Brief: Each record below should appear again exactly as written.

Supplied information:
--- --- ---
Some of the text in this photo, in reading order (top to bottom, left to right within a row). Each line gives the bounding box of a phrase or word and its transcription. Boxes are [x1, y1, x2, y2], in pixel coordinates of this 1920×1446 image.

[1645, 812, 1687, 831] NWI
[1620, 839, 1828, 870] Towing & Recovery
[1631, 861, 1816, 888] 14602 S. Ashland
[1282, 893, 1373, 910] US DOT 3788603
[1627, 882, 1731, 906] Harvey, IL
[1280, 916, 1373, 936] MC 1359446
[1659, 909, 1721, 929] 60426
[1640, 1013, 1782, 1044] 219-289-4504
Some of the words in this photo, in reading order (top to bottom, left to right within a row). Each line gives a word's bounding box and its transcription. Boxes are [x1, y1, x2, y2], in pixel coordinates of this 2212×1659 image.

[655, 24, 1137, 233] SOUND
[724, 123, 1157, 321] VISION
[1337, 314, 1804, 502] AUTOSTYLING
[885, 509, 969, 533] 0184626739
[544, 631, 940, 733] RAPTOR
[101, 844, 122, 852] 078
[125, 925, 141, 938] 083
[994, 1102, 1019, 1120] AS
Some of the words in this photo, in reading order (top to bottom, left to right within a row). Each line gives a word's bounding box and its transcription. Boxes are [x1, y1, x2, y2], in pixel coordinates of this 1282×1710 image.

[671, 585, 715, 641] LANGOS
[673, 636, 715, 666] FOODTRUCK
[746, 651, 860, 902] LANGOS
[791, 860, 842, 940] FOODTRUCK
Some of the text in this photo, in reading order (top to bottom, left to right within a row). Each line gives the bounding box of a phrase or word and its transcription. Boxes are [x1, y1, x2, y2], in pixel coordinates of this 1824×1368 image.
--- --- ---
Written response:
Some of the text in this photo, in reading order (top to bottom, left to right within a row). Each line gives the bounding box of a phrase or word and its transcription. Boxes are [x1, y1, x2, y2], in pixel coordinates of this 1920×1446 image.

[1645, 812, 1687, 831] NWI
[1620, 839, 1828, 870] Towing & Recovery
[1631, 861, 1816, 888] 14602 S. Ashland
[1282, 893, 1373, 910] US DOT 3788603
[1627, 882, 1731, 906] Harvey, IL
[1280, 916, 1373, 936] MC 1359446
[1659, 909, 1721, 929] 60426
[1640, 1013, 1782, 1044] 219-289-4504
Some of the words in this photo, in reading order (top to bottom, left to right within a row). Each line gives a word's bounding box and its transcription. Boxes are [x1, y1, x2, y2], in pixel coordinates of this 2212×1659 image.

[655, 24, 1137, 233] SOUND
[724, 123, 1157, 321] VISION
[1337, 314, 1804, 502] AUTOSTYLING
[885, 509, 969, 533] 0184626739
[544, 631, 940, 733] RAPTOR
[101, 844, 122, 852] 078
[125, 925, 141, 938] 083
[994, 1102, 1019, 1120] AS
Some of the words in this photo, in reading order (top to bottom, left to right within a row). Each line gives a word's bounding box and its transcription. Boxes are [x1, y1, x2, y2], in pixel coordinates of this 1282×1710 image.

[671, 585, 715, 641] LANGOS
[673, 636, 715, 666] FOODTRUCK
[746, 651, 860, 902] LANGOS
[791, 860, 842, 940] FOODTRUCK
Some of the text in this photo, in reading order (top to bottom, left to right within a row). Each line gives the bounding box of a phrase or word and its transcription. Boxes are [x1, y1, x2, y2], in pixel coordinates of this 1824×1368 image.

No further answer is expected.